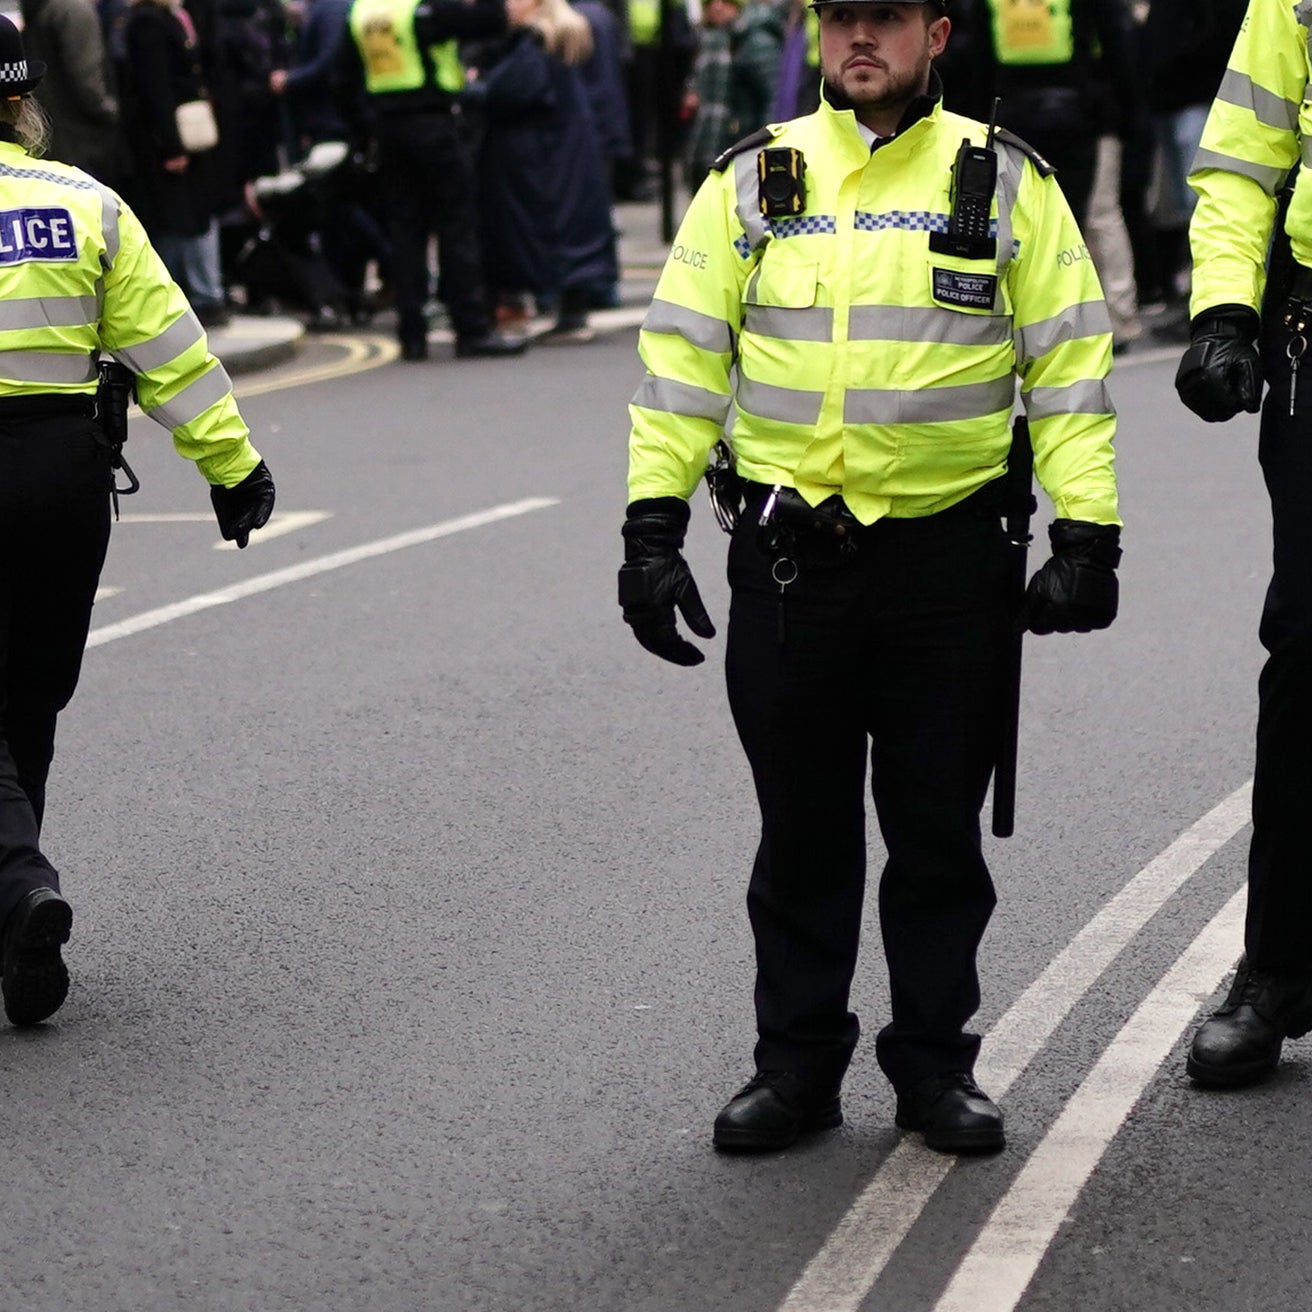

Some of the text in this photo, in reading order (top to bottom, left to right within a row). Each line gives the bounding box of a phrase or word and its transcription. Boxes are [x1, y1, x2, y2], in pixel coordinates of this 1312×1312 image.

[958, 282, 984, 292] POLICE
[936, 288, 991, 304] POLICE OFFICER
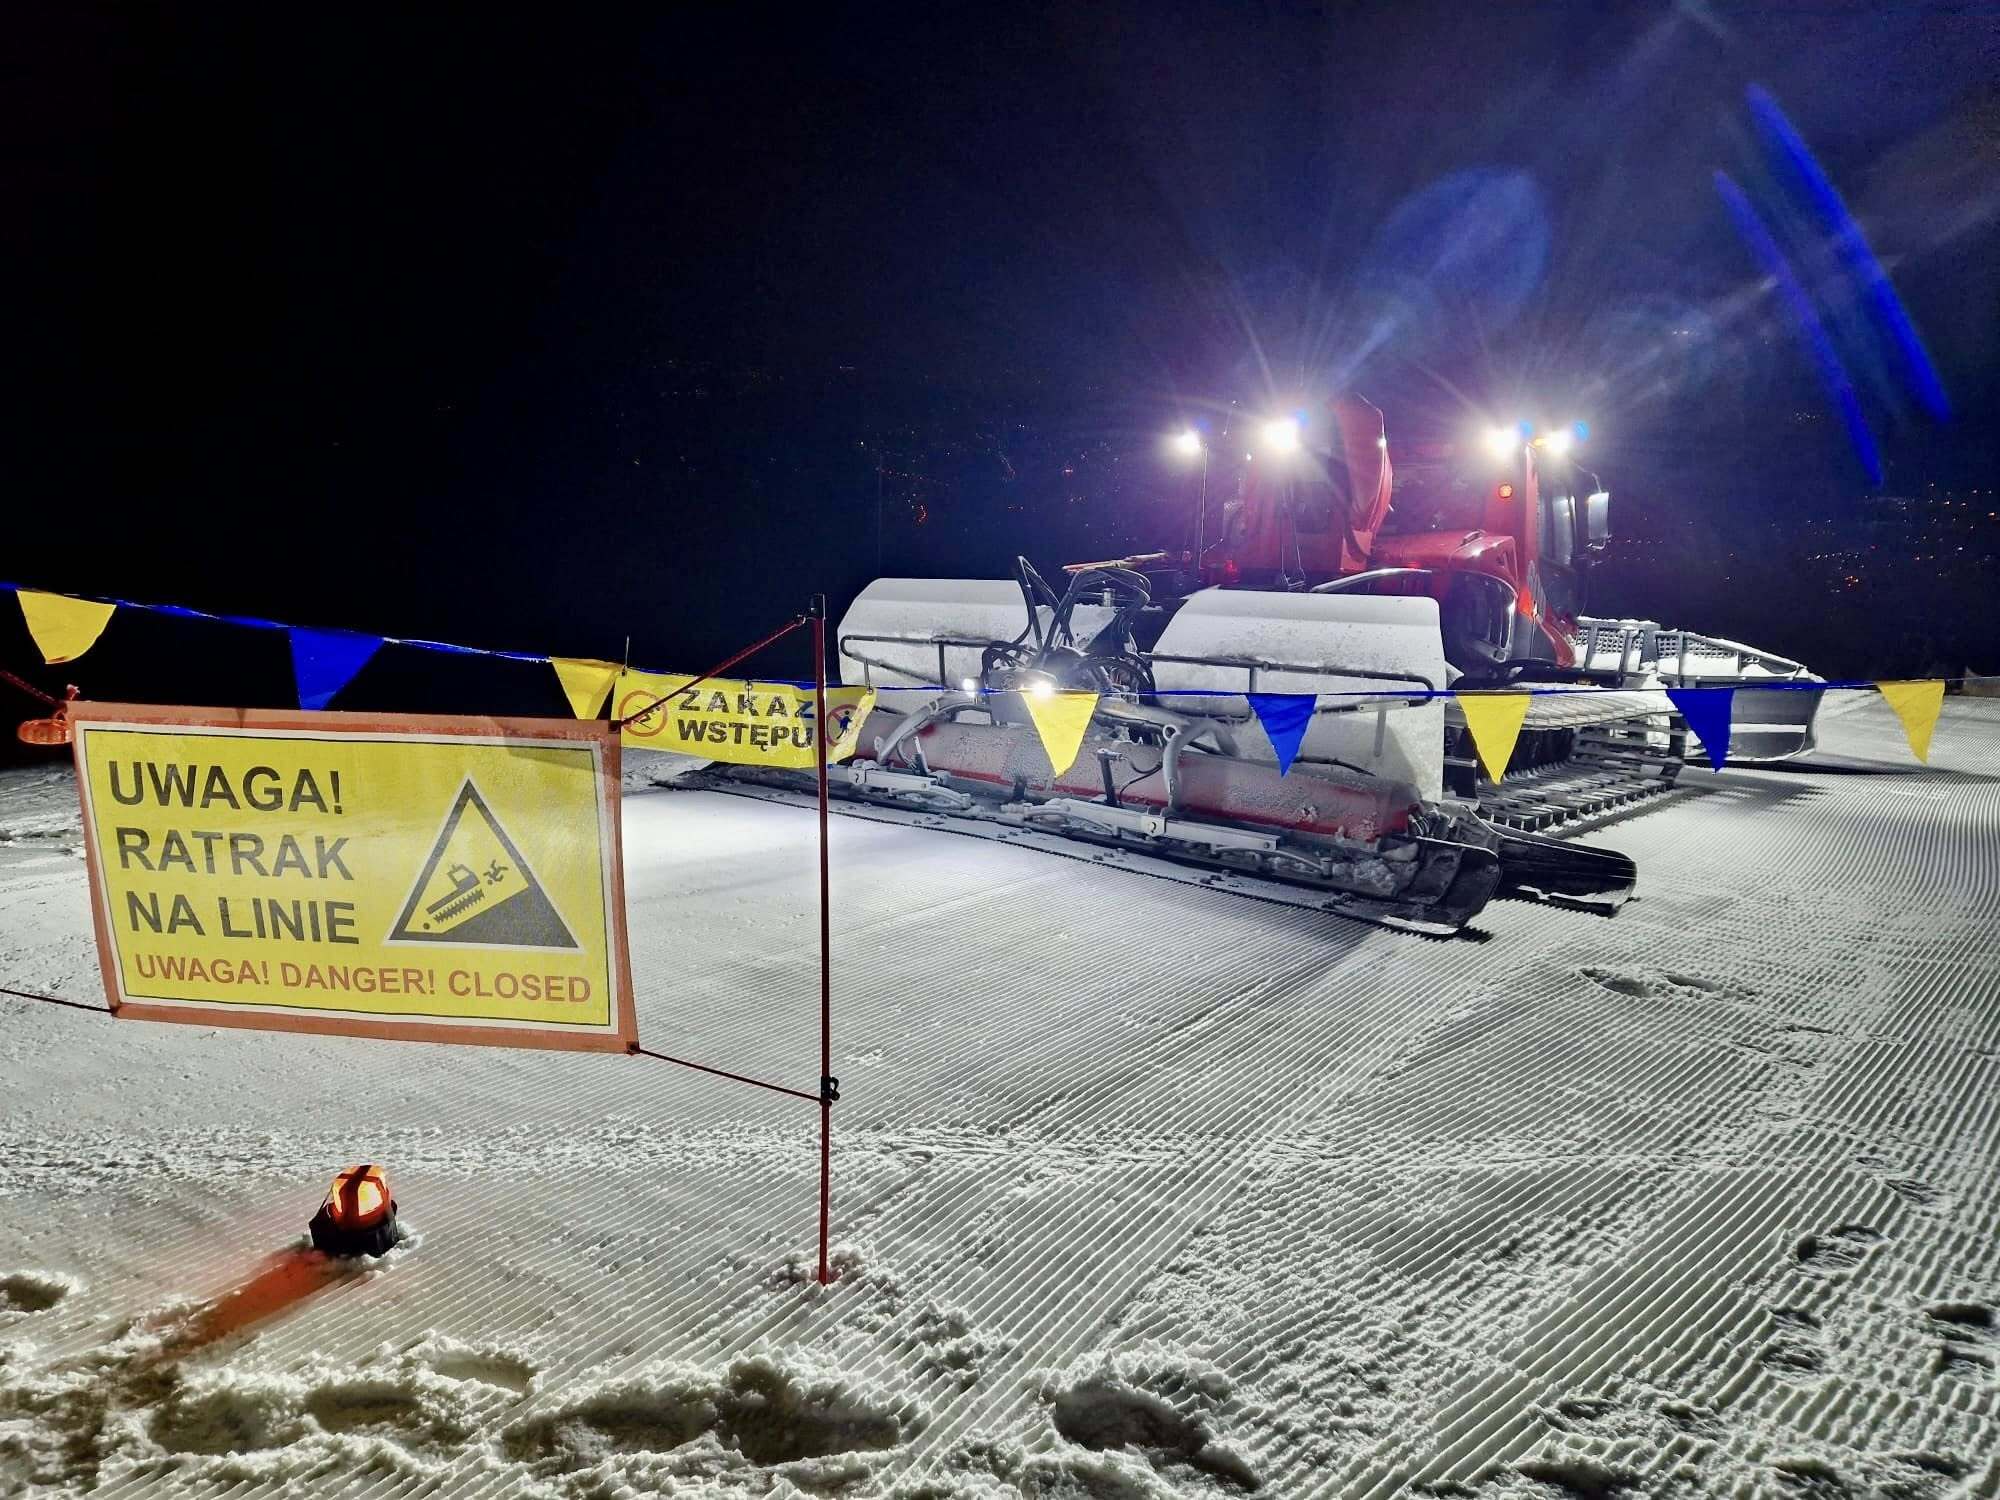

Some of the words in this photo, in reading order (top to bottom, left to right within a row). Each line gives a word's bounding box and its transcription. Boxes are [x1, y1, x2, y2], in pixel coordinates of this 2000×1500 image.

==

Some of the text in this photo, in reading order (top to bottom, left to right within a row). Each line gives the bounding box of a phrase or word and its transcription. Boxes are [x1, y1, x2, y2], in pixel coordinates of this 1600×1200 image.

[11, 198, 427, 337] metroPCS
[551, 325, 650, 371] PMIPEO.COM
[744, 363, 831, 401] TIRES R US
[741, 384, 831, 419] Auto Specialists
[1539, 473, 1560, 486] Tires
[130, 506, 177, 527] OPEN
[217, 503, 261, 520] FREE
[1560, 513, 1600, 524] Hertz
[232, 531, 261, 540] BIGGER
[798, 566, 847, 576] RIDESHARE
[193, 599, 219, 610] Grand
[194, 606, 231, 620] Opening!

- _Assignment_
Range to print from the listing above: from the line with "this 1312×1312 image." up to and including the line with "Some of the words". Please print those lines exactly, with no pictures and nothing more.

- _Task result_
Some of the text in this photo, in reading order (top to bottom, left to right within a row). Each line gives the bounding box of a phrase or word and its transcription. Boxes are [x1, y1, x2, y2], in pixel coordinates of this 1312×1312 image.

[958, 282, 984, 292] POLICE
[936, 288, 991, 304] POLICE OFFICER

Some of the words in this photo, in reading order (top to bottom, left to right within a row). Each line gives a word's bounding box and its transcription. Boxes are [x1, y1, x2, y2], in pixel coordinates of this 2000×1500 image.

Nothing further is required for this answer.